## Aim of the exercise
An exact copy of the entries is required, with every image omitted.

## Records provided

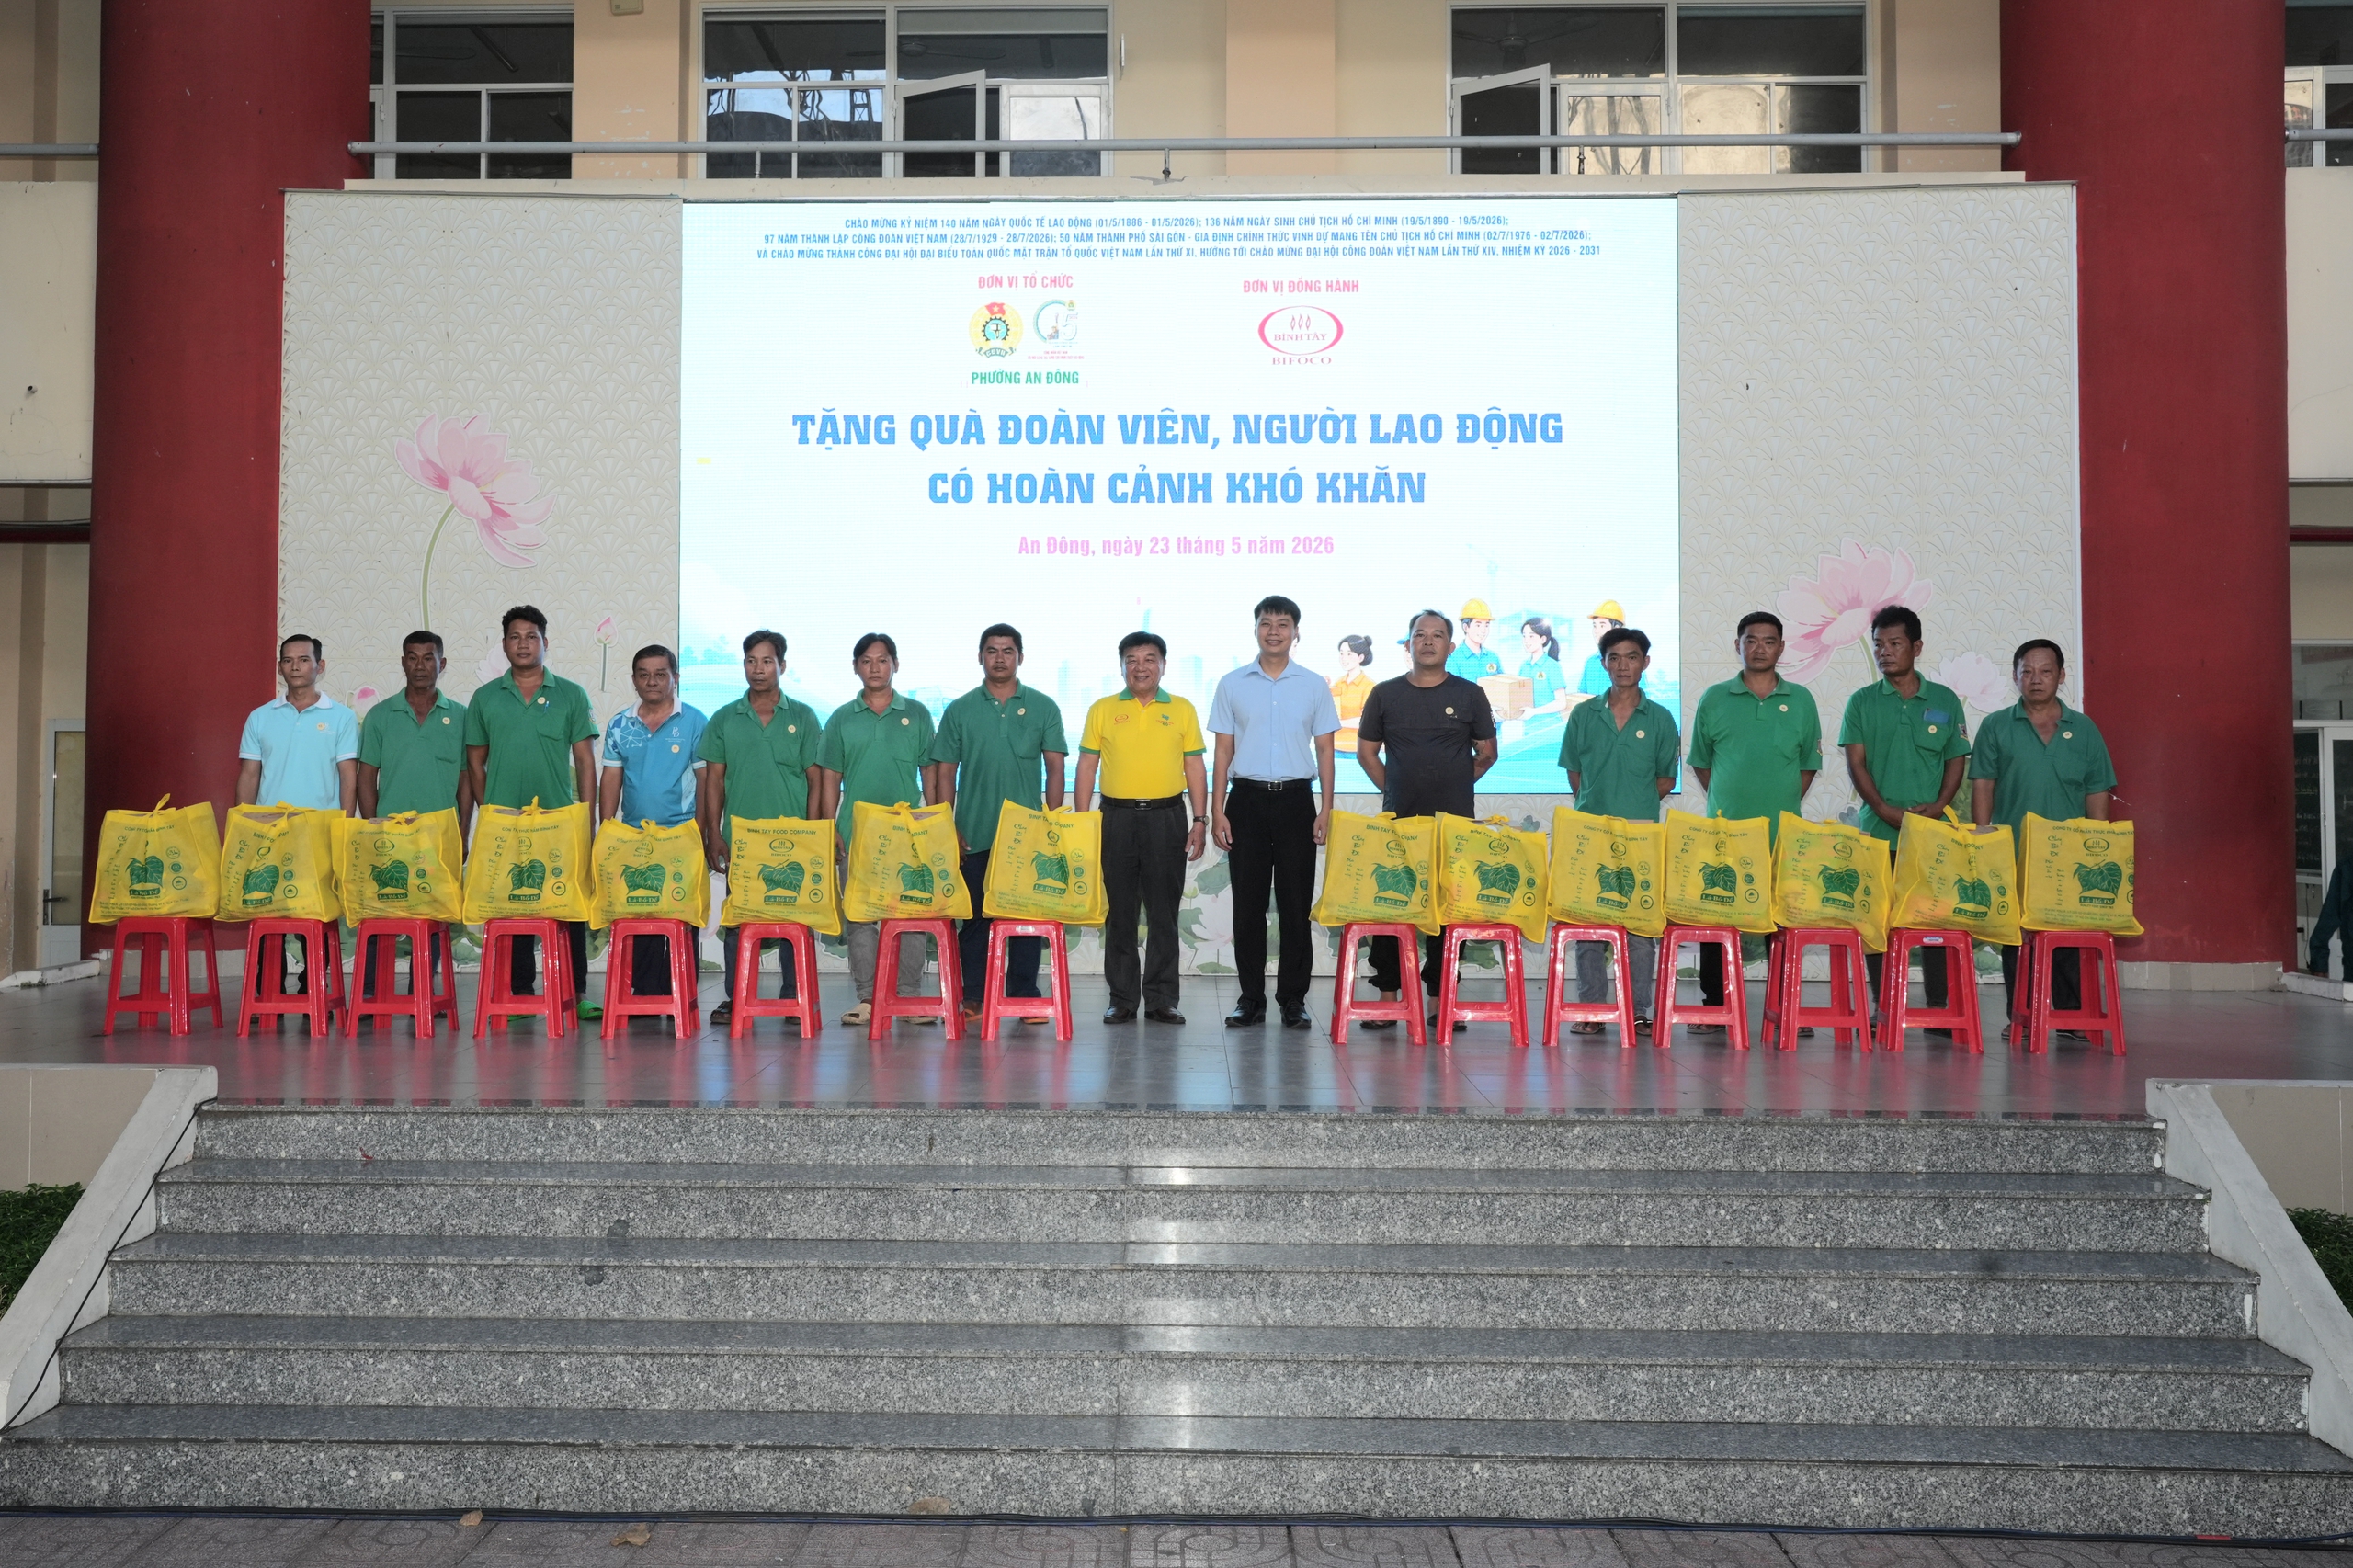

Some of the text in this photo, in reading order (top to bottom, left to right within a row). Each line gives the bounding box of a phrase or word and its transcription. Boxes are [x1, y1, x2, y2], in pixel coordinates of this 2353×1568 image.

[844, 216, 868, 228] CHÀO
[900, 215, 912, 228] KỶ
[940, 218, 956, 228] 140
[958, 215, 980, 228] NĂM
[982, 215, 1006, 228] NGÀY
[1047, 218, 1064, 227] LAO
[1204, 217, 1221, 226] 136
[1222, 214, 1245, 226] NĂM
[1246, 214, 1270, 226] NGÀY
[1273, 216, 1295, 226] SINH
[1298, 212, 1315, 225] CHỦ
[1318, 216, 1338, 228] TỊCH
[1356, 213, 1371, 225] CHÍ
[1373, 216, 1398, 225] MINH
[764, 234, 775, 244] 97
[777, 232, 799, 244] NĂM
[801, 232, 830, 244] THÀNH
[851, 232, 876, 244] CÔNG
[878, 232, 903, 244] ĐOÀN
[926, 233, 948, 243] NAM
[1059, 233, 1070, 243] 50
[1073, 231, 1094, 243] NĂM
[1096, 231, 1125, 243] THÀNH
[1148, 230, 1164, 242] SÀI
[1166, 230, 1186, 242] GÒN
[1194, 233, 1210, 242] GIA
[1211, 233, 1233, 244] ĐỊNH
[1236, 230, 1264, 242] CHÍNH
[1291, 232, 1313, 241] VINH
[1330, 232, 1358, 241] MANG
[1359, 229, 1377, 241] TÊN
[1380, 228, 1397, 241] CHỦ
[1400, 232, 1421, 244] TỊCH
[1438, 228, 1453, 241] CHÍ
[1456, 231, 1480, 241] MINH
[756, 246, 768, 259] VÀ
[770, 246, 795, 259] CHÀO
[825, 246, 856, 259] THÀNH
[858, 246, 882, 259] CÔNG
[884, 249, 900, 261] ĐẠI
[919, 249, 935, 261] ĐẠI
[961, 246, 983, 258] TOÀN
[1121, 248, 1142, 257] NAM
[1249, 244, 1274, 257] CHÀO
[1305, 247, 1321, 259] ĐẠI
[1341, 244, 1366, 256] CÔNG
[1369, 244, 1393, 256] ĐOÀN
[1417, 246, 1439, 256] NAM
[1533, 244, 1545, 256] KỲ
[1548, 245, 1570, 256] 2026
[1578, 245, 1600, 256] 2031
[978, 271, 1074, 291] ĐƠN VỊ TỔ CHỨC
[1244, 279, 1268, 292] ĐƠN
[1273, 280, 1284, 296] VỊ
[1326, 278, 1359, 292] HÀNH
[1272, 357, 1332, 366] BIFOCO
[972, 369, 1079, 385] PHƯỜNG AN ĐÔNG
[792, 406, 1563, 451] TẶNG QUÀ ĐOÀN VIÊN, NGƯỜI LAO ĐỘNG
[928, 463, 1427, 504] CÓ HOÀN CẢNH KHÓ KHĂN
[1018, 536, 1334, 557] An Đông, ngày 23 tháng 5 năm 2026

## Solved exercise
Some of the text in this photo, in reading order (top to bottom, left to right within a row). Each line gives the bounding box of a phrase or word and its transcription. Boxes are [x1, y1, x2, y2], in pixel coordinates of this 2353×1568 image.

[844, 216, 868, 228] CHÀO
[900, 215, 912, 228] KỶ
[940, 218, 956, 228] 140
[958, 215, 980, 228] NĂM
[982, 215, 1006, 228] NGÀY
[1047, 218, 1064, 227] LAO
[1204, 217, 1221, 226] 136
[1222, 214, 1245, 226] NĂM
[1246, 214, 1270, 226] NGÀY
[1273, 216, 1295, 226] SINH
[1298, 212, 1315, 225] CHỦ
[1318, 216, 1338, 228] TỊCH
[1356, 213, 1371, 225] CHÍ
[1373, 216, 1398, 225] MINH
[764, 234, 775, 244] 97
[777, 232, 799, 244] NĂM
[801, 232, 830, 244] THÀNH
[851, 232, 876, 244] CÔNG
[878, 232, 903, 244] ĐOÀN
[926, 233, 948, 243] NAM
[1059, 233, 1070, 243] 50
[1073, 231, 1094, 243] NĂM
[1096, 231, 1125, 243] THÀNH
[1148, 230, 1164, 242] SÀI
[1166, 230, 1186, 242] GÒN
[1194, 233, 1210, 242] GIA
[1211, 233, 1233, 244] ĐỊNH
[1236, 230, 1264, 242] CHÍNH
[1291, 232, 1313, 241] VINH
[1330, 232, 1358, 241] MANG
[1359, 229, 1377, 241] TÊN
[1380, 228, 1397, 241] CHỦ
[1400, 232, 1421, 244] TỊCH
[1438, 228, 1453, 241] CHÍ
[1456, 231, 1480, 241] MINH
[756, 246, 768, 259] VÀ
[770, 246, 795, 259] CHÀO
[825, 246, 856, 259] THÀNH
[858, 246, 882, 259] CÔNG
[884, 249, 900, 261] ĐẠI
[919, 249, 935, 261] ĐẠI
[961, 246, 983, 258] TOÀN
[1121, 248, 1142, 257] NAM
[1249, 244, 1274, 257] CHÀO
[1305, 247, 1321, 259] ĐẠI
[1341, 244, 1366, 256] CÔNG
[1369, 244, 1393, 256] ĐOÀN
[1417, 246, 1439, 256] NAM
[1533, 244, 1545, 256] KỲ
[1548, 245, 1570, 256] 2026
[1578, 245, 1600, 256] 2031
[978, 271, 1074, 291] ĐƠN VỊ TỔ CHỨC
[1244, 279, 1268, 292] ĐƠN
[1273, 280, 1284, 296] VỊ
[1326, 278, 1359, 292] HÀNH
[1272, 357, 1332, 366] BIFOCO
[972, 369, 1079, 385] PHƯỜNG AN ĐÔNG
[792, 406, 1563, 451] TẶNG QUÀ ĐOÀN VIÊN, NGƯỜI LAO ĐỘNG
[928, 463, 1427, 504] CÓ HOÀN CẢNH KHÓ KHĂN
[1018, 536, 1334, 557] An Đông, ngày 23 tháng 5 năm 2026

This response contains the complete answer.